Retype, without alteration, each line from the line containing "this 1464×1733 image." to the final line of the records.

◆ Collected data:

● ● ● ●

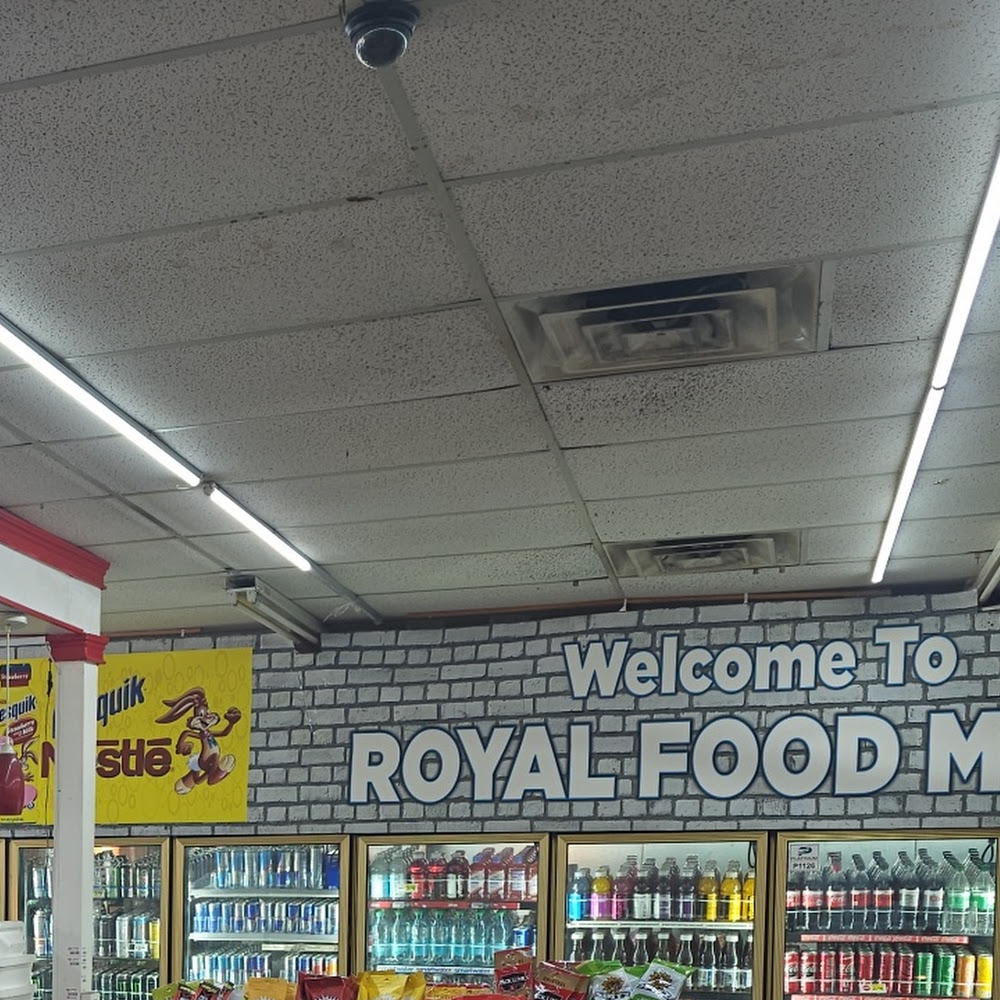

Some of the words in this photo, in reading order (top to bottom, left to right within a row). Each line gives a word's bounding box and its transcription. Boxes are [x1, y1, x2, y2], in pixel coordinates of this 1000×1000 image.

[561, 633, 858, 699] Welcome
[873, 622, 960, 688] To
[348, 721, 618, 806] ROYAL
[637, 710, 902, 801] FOOD
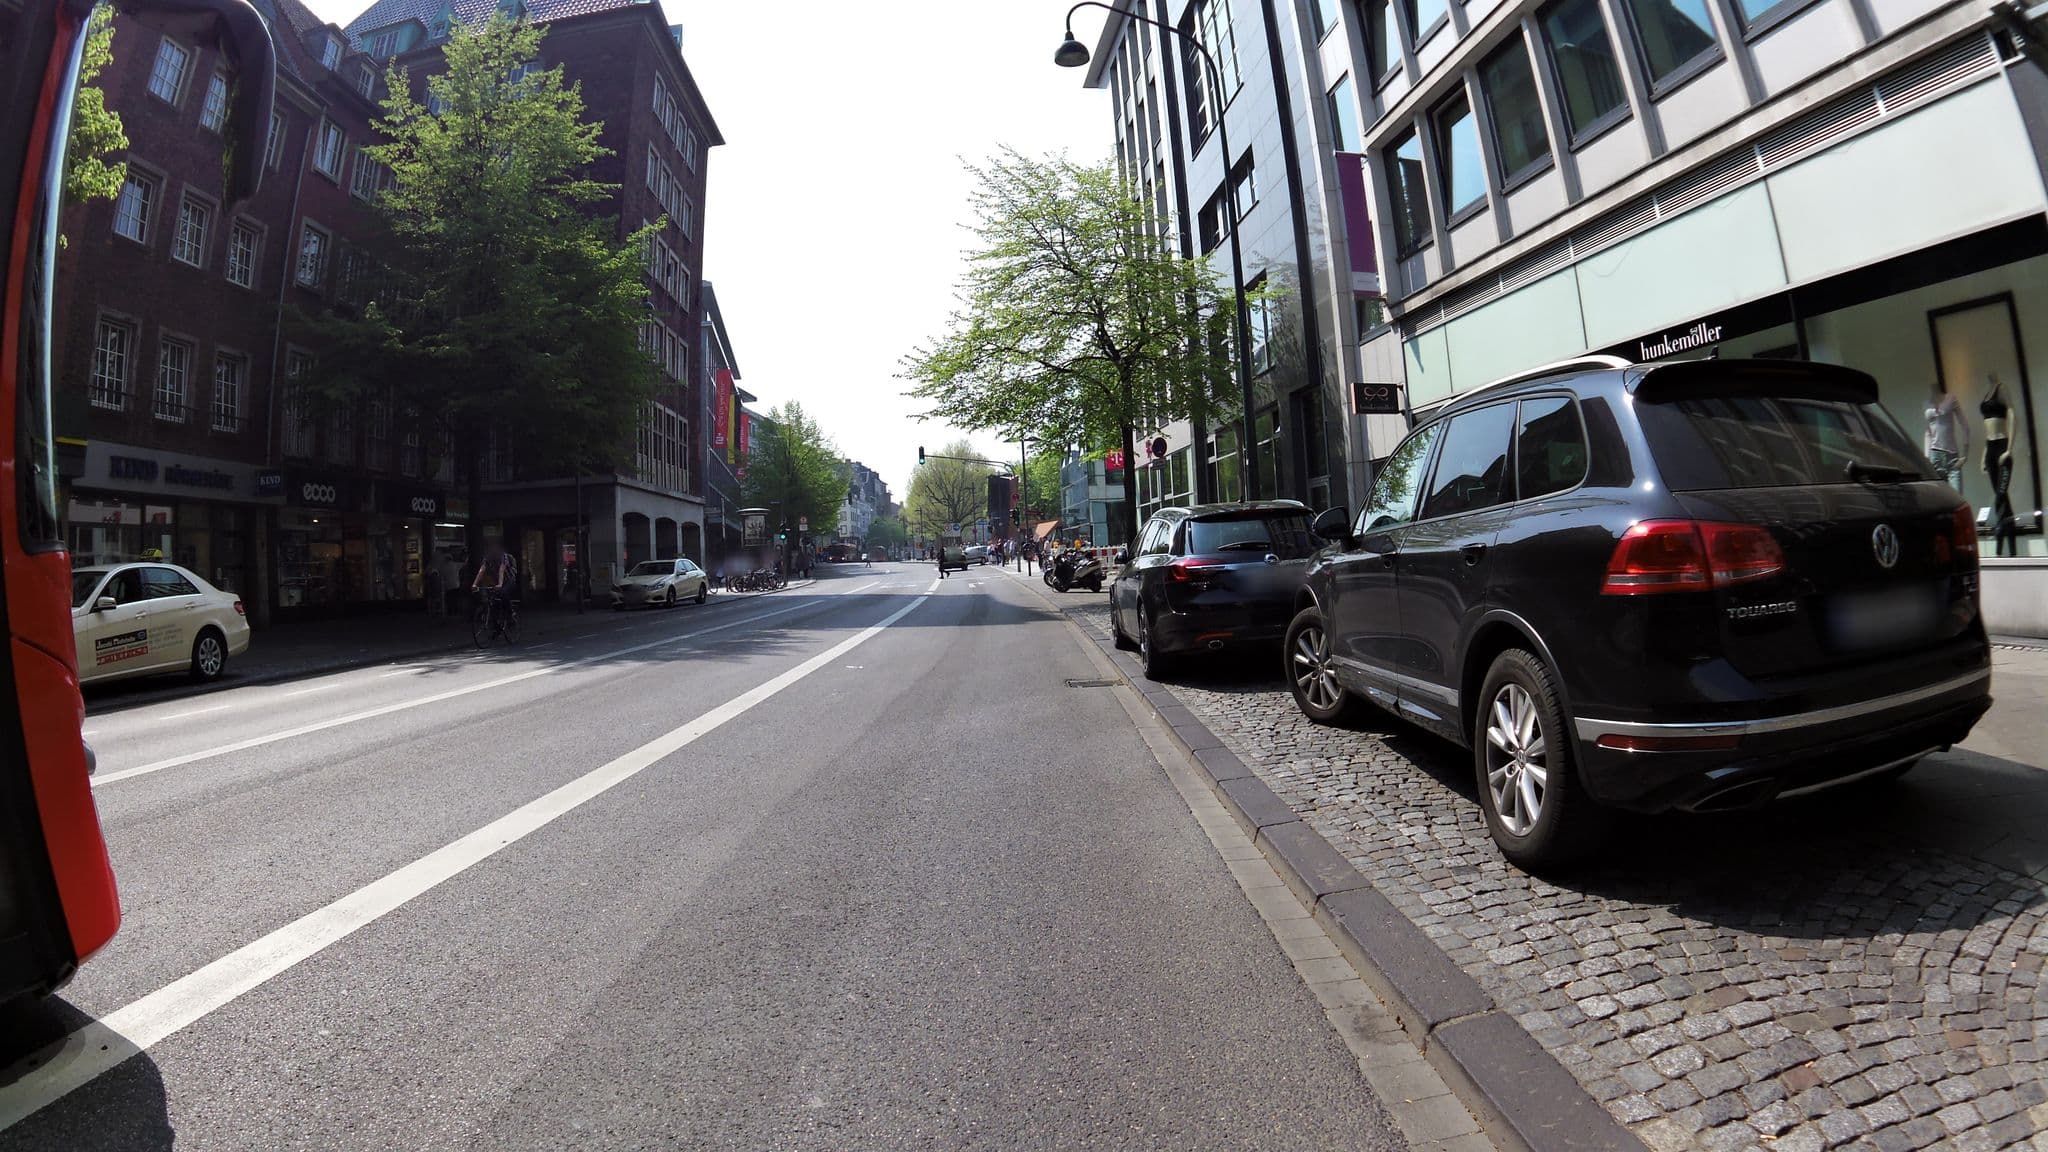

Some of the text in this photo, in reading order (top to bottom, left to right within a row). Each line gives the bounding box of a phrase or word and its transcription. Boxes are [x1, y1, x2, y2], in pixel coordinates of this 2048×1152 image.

[1640, 322, 1722, 361] hunkemöller
[303, 482, 336, 503] ecco
[411, 497, 436, 513] ecco
[1726, 601, 1797, 619] TOUAREG
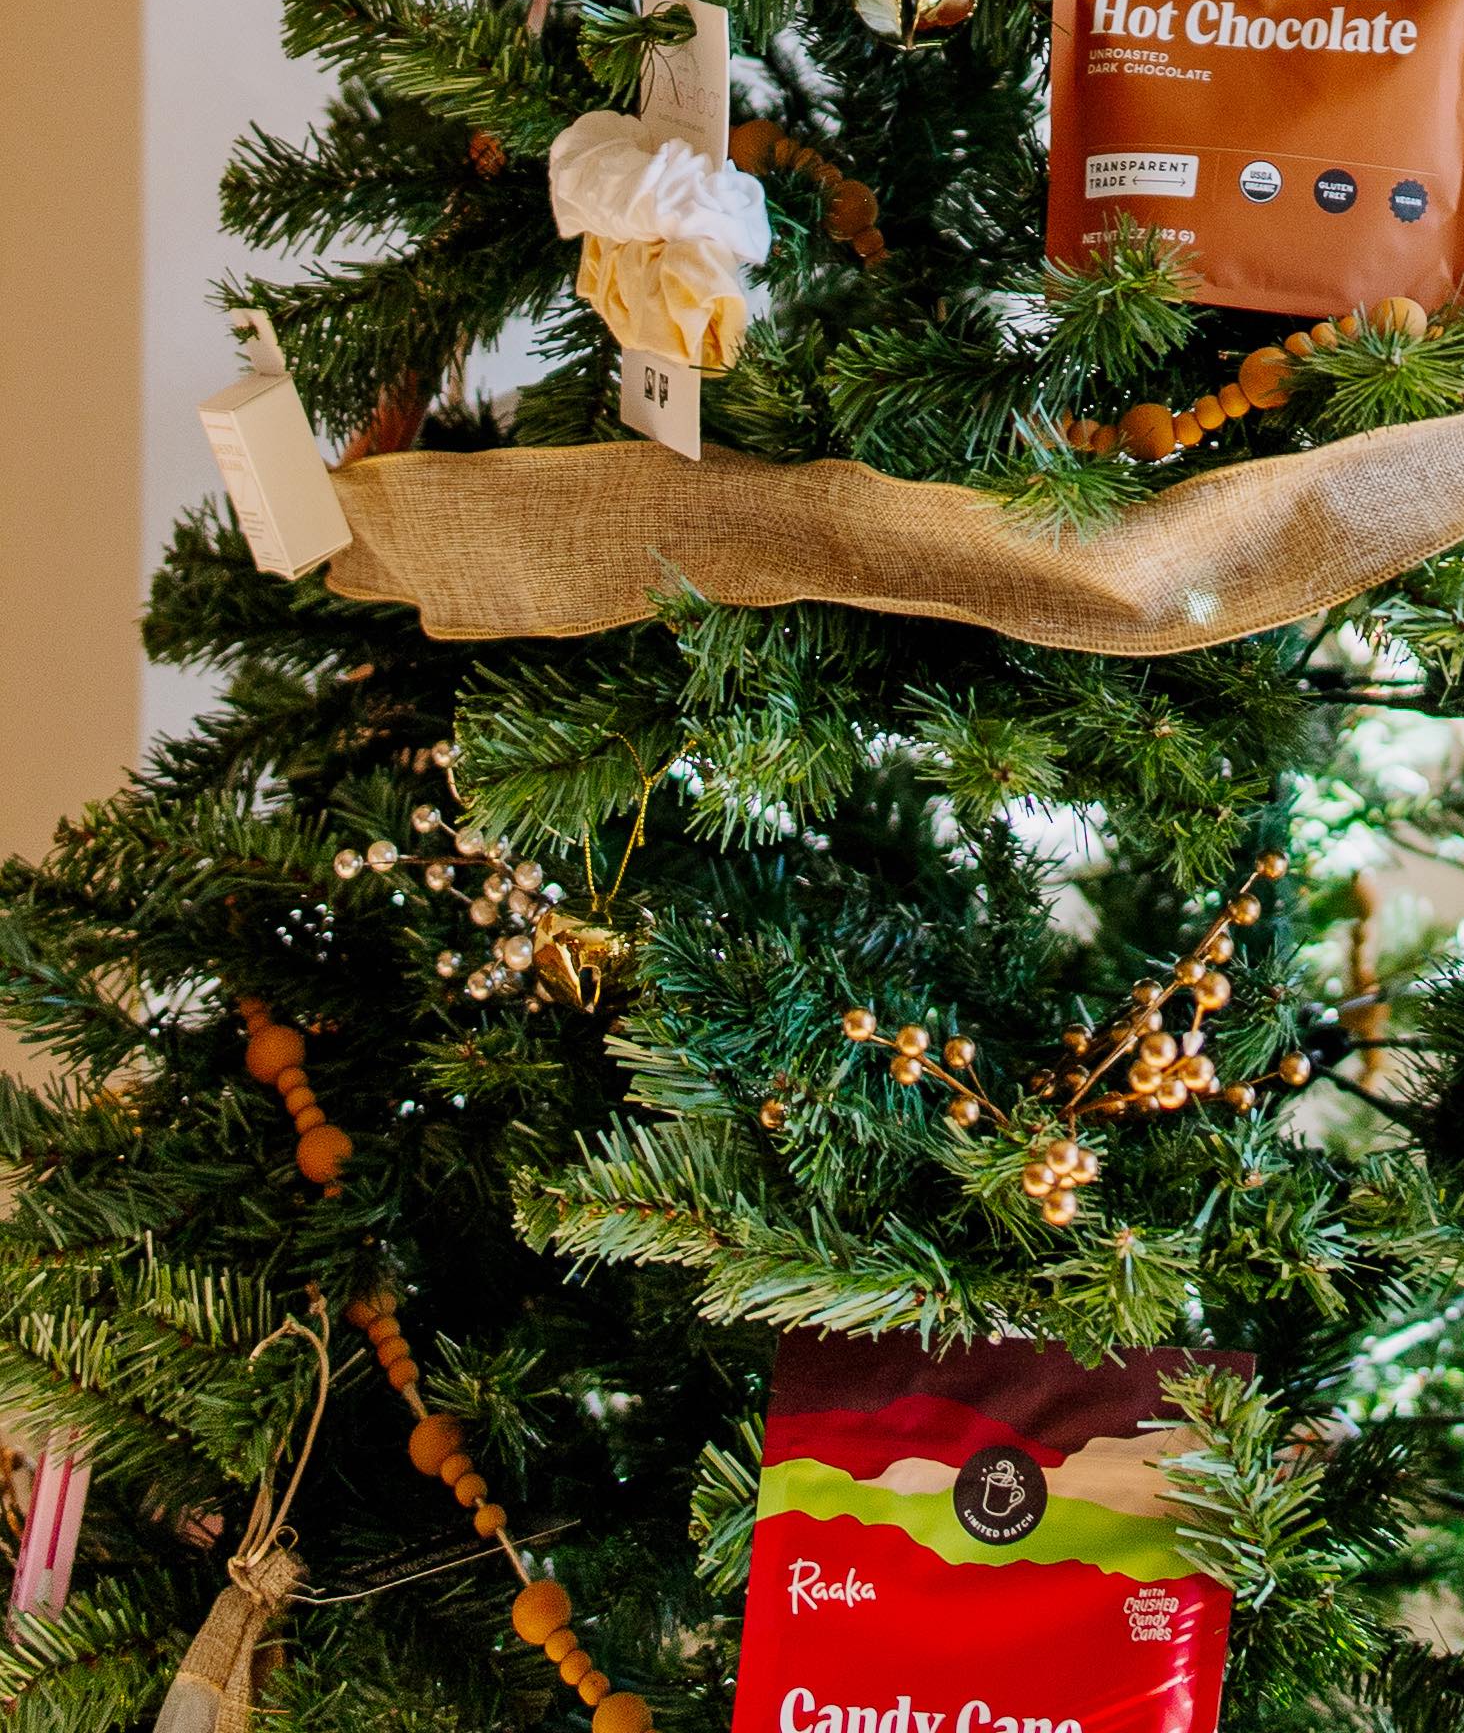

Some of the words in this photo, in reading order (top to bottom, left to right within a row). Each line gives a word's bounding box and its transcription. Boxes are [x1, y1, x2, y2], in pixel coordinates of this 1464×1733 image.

[1089, 48, 1169, 63] UNROASTED
[1087, 62, 1118, 74] DARK
[1123, 63, 1213, 81] CHOCOLATE
[1089, 161, 1190, 174] TRANSPARENT
[1089, 175, 1127, 189] TRADE
[1250, 170, 1273, 181] USDA
[1318, 180, 1354, 193] GLUTEN
[1322, 190, 1347, 201] FREE
[1394, 195, 1423, 207] VEGAN
[963, 1508, 1001, 1539] LIMITED
[1003, 1512, 1035, 1539] BATCH
[787, 1557, 877, 1615] Raaka
[1139, 1587, 1166, 1598] WITH
[1123, 1596, 1179, 1614] CRUSHED
[1128, 1611, 1171, 1628] Candy
[1131, 1625, 1173, 1642] Canes
[779, 1687, 946, 1733] Candy
[955, 1699, 1083, 1733] Cane

● ● ● ●

◆ ANSWER TO THE PROBLEM:
Some of the words in this photo, in reading order (top to bottom, left to right within a row). Each line gives a word's bounding box and its transcription. Boxes are [x1, y1, x2, y2], in pixel coordinates of this 1464×1733 image.

[1089, 48, 1169, 63] UNROASTED
[1087, 62, 1118, 74] DARK
[1123, 63, 1213, 81] CHOCOLATE
[1089, 161, 1190, 174] TRANSPARENT
[1089, 175, 1127, 189] TRADE
[1250, 170, 1273, 181] USDA
[1318, 180, 1354, 193] GLUTEN
[1322, 190, 1347, 201] FREE
[1394, 195, 1423, 207] VEGAN
[963, 1508, 1001, 1539] LIMITED
[1003, 1512, 1035, 1539] BATCH
[787, 1557, 877, 1615] Raaka
[1139, 1587, 1166, 1598] WITH
[1123, 1596, 1179, 1614] CRUSHED
[1128, 1611, 1171, 1628] Candy
[1131, 1625, 1173, 1642] Canes
[779, 1687, 946, 1733] Candy
[955, 1699, 1083, 1733] Cane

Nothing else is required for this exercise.